What is Picante Sauce?
Pace Foods is a producer of a variety of canned salsas located in Paris, Texas. The company was founded in 1947 by David Pace when he developed a recipe for a salsa he called “Picante sauce” (picante means ‘spicy’ in Mexican), which was “made with the freshest ingredients, harvested and hand-selected in peak season to achieve the best flavor and quality”. It is now sold as “the Original Picante Sauce”.
The Mild and Hot varieties of Pace’s Picante sauce were added in 1981 to accompany the original Medium variety. “Thick & Chunky”, introduced in 1989, later became “Chunky Salsa”. In 1991, Mexican sauces overtook ketchup as the top-selling condiment in the US, with Pace being a leader. In 1995, the company was acquired by Campbell Soup Company for $1.115 billion.
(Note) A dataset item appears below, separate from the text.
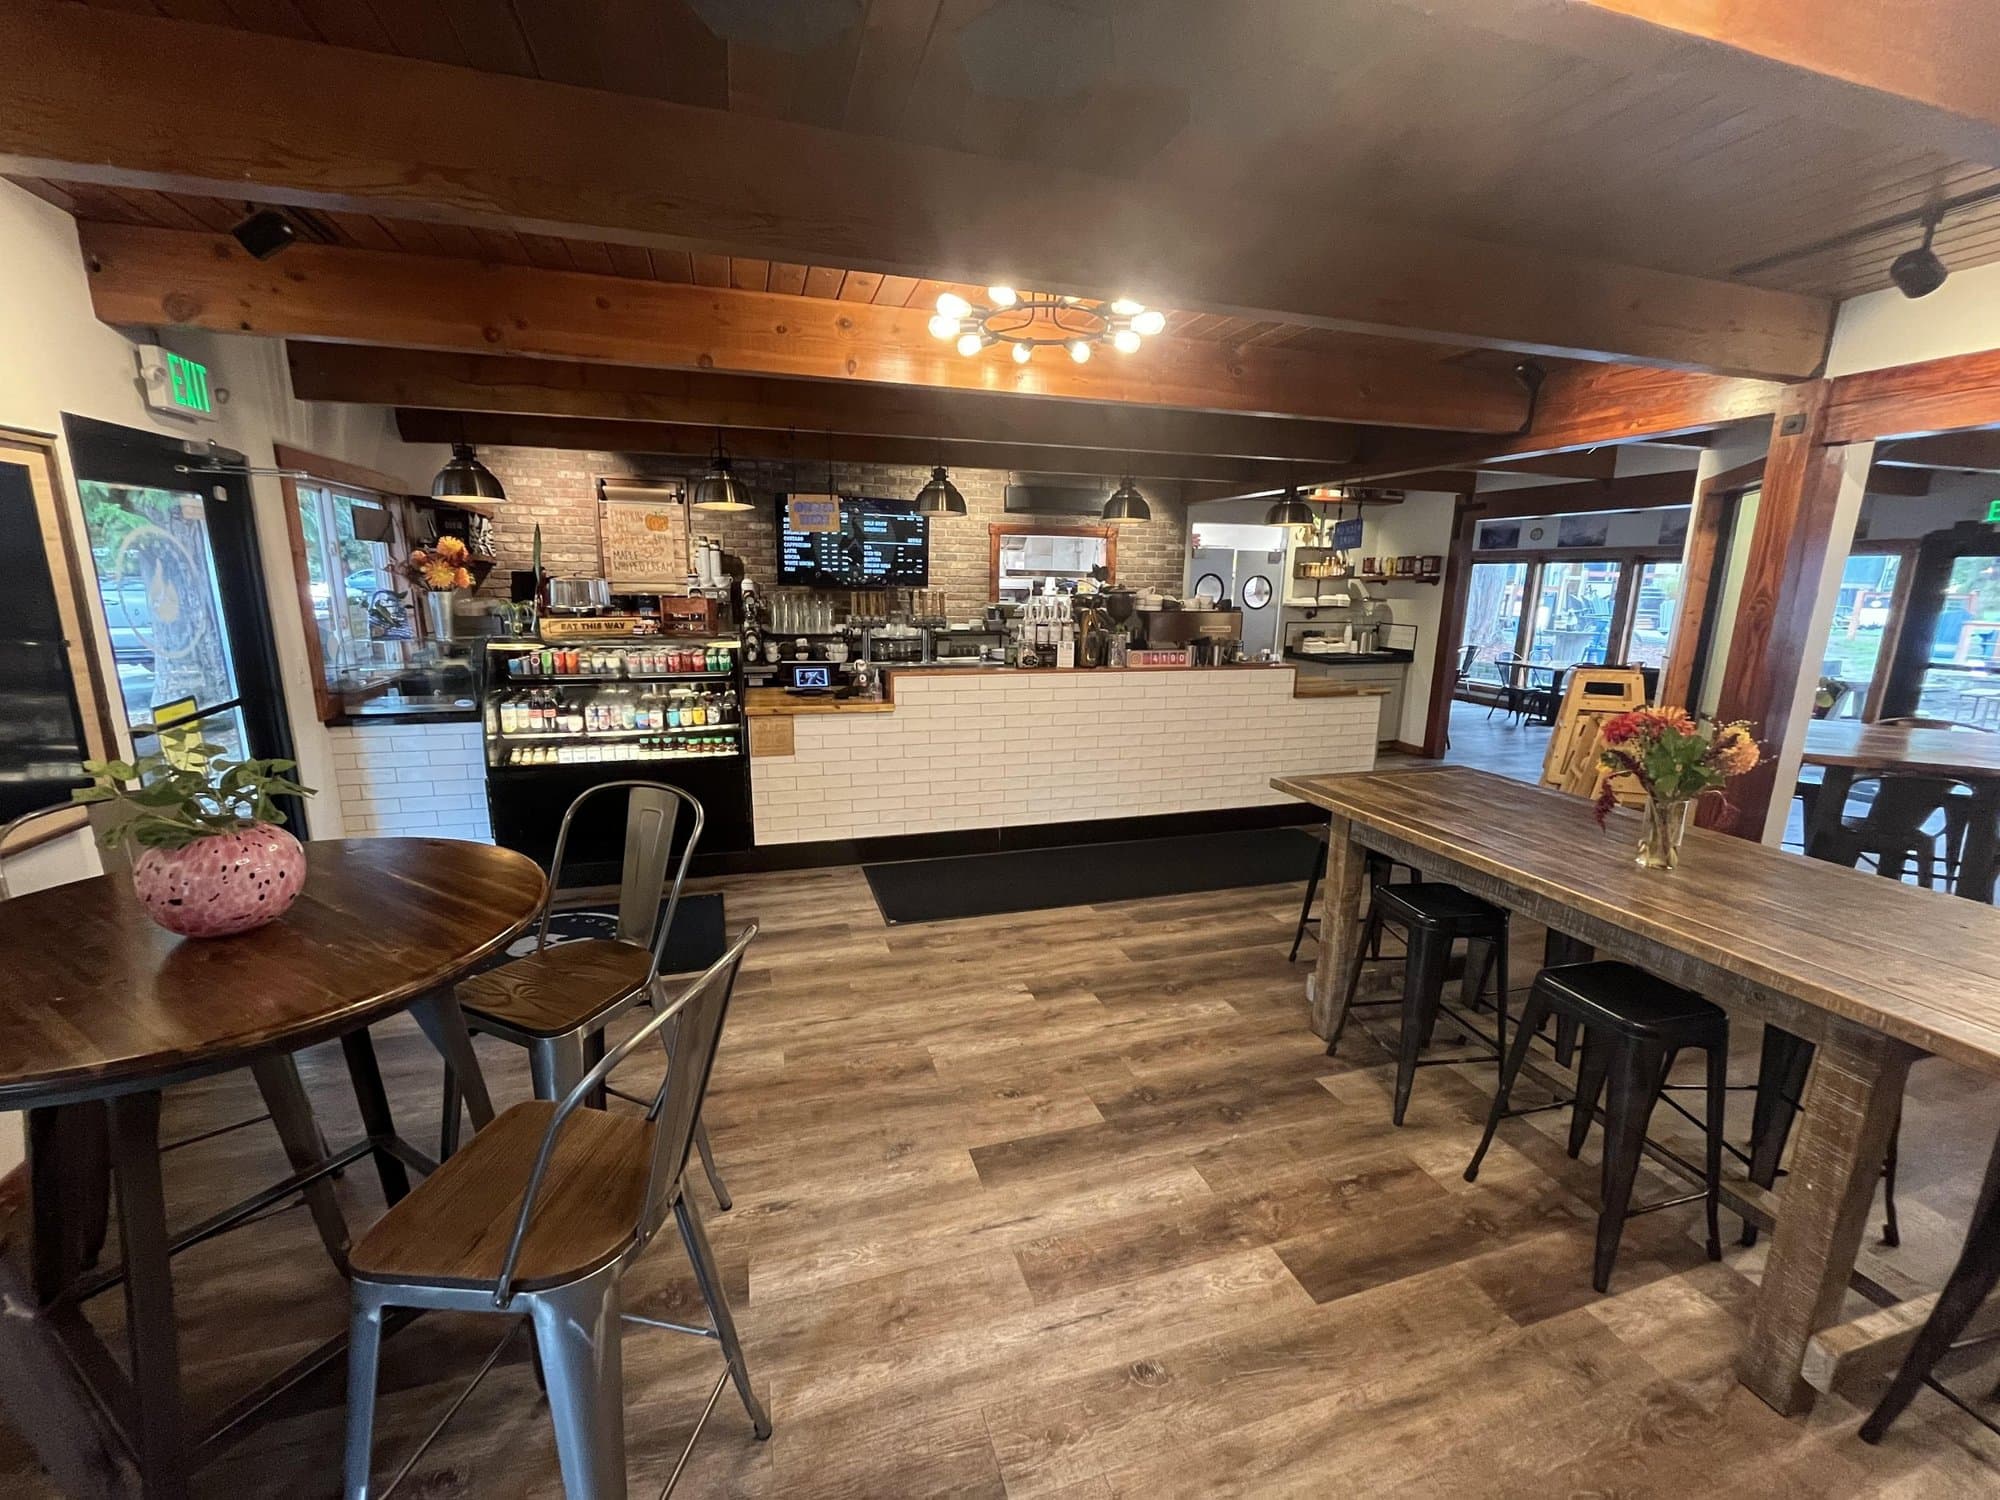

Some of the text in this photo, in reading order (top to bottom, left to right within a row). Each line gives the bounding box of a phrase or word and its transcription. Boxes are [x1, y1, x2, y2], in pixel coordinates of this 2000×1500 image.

At one time, it was difficult to leave my local soil and find quality salsa. Instead, what I often encountered was some form of tomato paste “salsa” that the locals were proud of in their ignorance. These Pace ads captured the spirit of my frustration.
These days, thanks to capitalism, and quality advertising such as this, much of the rest of the U.S. now has access to decent grocery store salsa (though the restaurant salsas in the Midwest and Northeast still leave a lot to be desired.) I even once found edible grocery store salsa in Germany – not surprisingly it required weeks of searching and a trip into a German Wal-Mart. That was years ago, though, so perhaps Europe’s picante sauce access has improved since.
What was unique about these ads? There were two basic and memorable elements.
- “New York City!”
The U.S. has always had a “coastal elite vs. the backward denizens of flyover country” dynamic. Depending on the circumstances, or the issue, we might see that play out in a myriad of ways politically and/or in entertainment. Here the geographic tension is played in both directions. The locals are both backward AND superior as to “picante sauce.” - “Get a Rope.”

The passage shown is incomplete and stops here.